Suchformular

Deister-Anzeiger: Kennzeichungspflicht für Hähnchenfleisch gefordert

Artikel erschienen im Deister-Anzeiger, am 12. Januar 2011

 

Für einen besseren Verbraucherschutz haben sich Teilnehmer und Zuhörer einer zweistündigen Podiumsdiskussion in Springe über Geflügelmast ausgesprochen. Etwa 80 Frauen und Männer unterschiedlicher Altersgruppen kamen am Montagabend zu der Veranstaltung der Springer Bündnisgrünen in die Grundschule Hinter der Burg.

Die Diskussionsrichtung war von Anfang an klar: Keine Geflügelmast in Springe, schon allein aus Tierschutzgründen.

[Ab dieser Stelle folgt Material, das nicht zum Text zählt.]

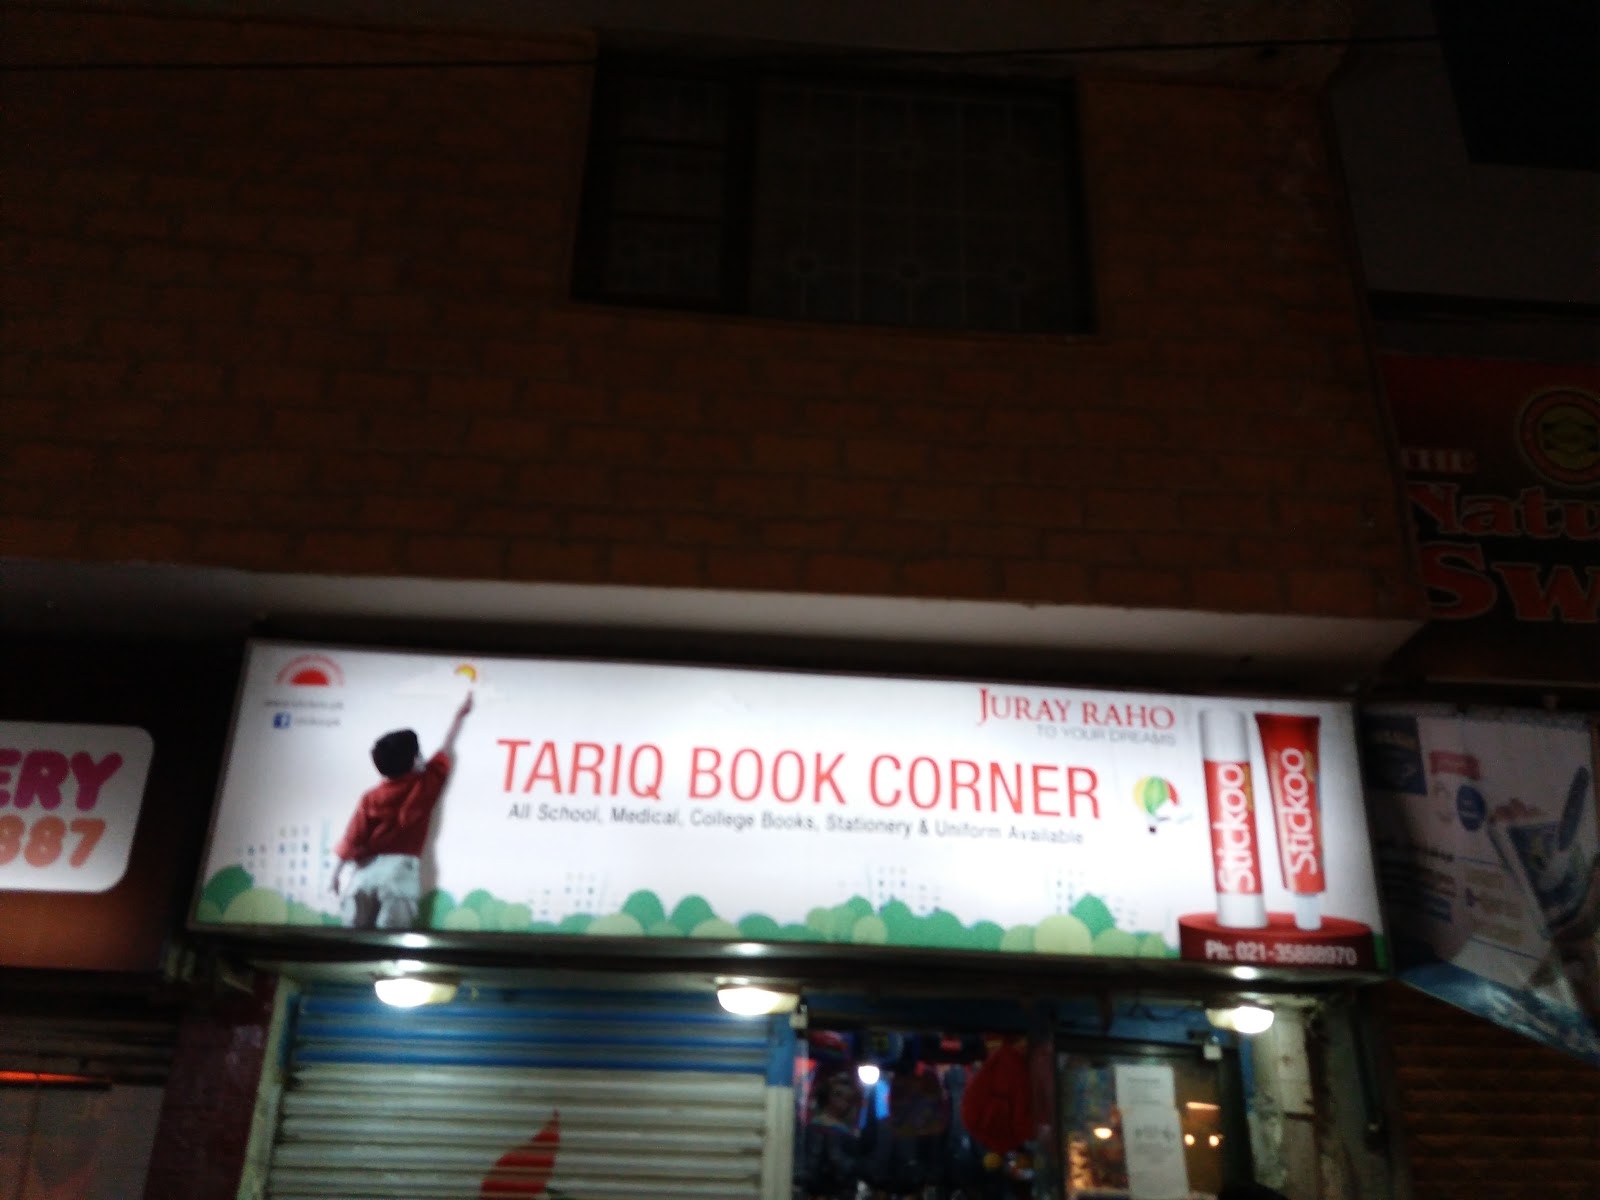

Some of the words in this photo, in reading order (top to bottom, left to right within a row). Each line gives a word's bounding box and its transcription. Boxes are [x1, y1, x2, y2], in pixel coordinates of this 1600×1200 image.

[976, 687, 1071, 726] JURAY
[1081, 700, 1175, 730] RAHO
[496, 738, 664, 801] TARIQ
[688, 747, 847, 805] BOOK
[869, 754, 1101, 819] CORNER
[1281, 747, 1318, 877] Stickoo
[826, 814, 912, 839] Stationery
[1211, 762, 1257, 892] Stickoo
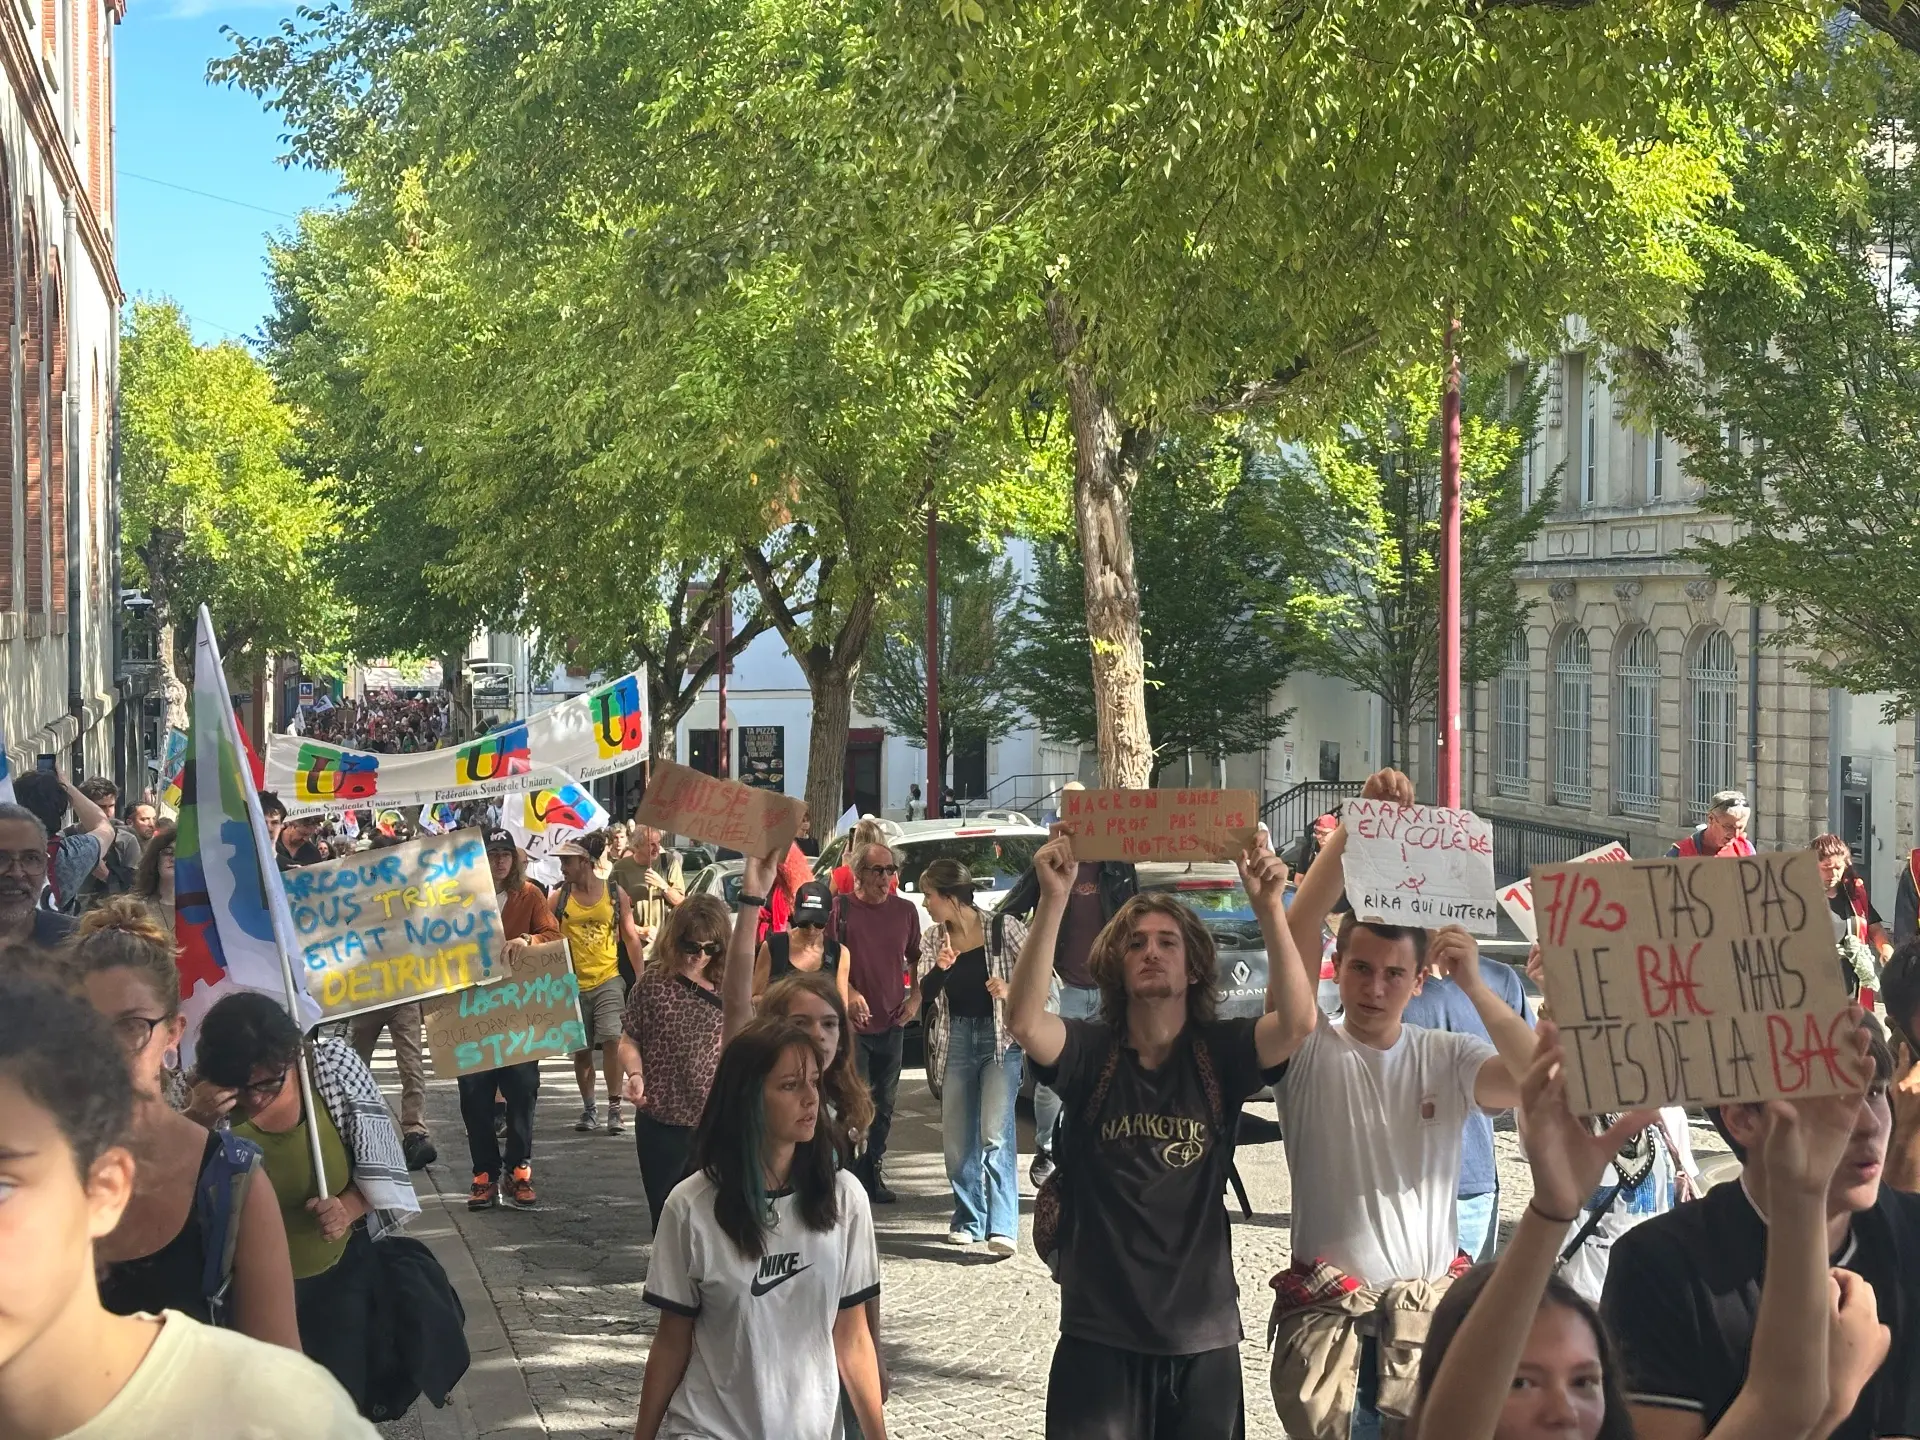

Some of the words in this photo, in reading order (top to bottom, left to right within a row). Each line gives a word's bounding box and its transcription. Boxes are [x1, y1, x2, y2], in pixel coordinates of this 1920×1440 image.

In Boitzum soll eine Mastanlage für zunächst etwa 37.800 Hähnchen entstehen. Pro-Argumente aus der Zuhörerschaft wurden nicht genannt, aber Selbstkritik. Der Verbraucher, sagte ein Mann, sei schlecht organisiert, müsse sich mehr mit Gleichgesinnten zusammentun und gegenüber dem Niedersächsischen Ministerium stärker seine Stimme erheben, das nicht nur zuständig für Landwirtschaft sei, sondern auch für Ernährung und Verbraucherschutz.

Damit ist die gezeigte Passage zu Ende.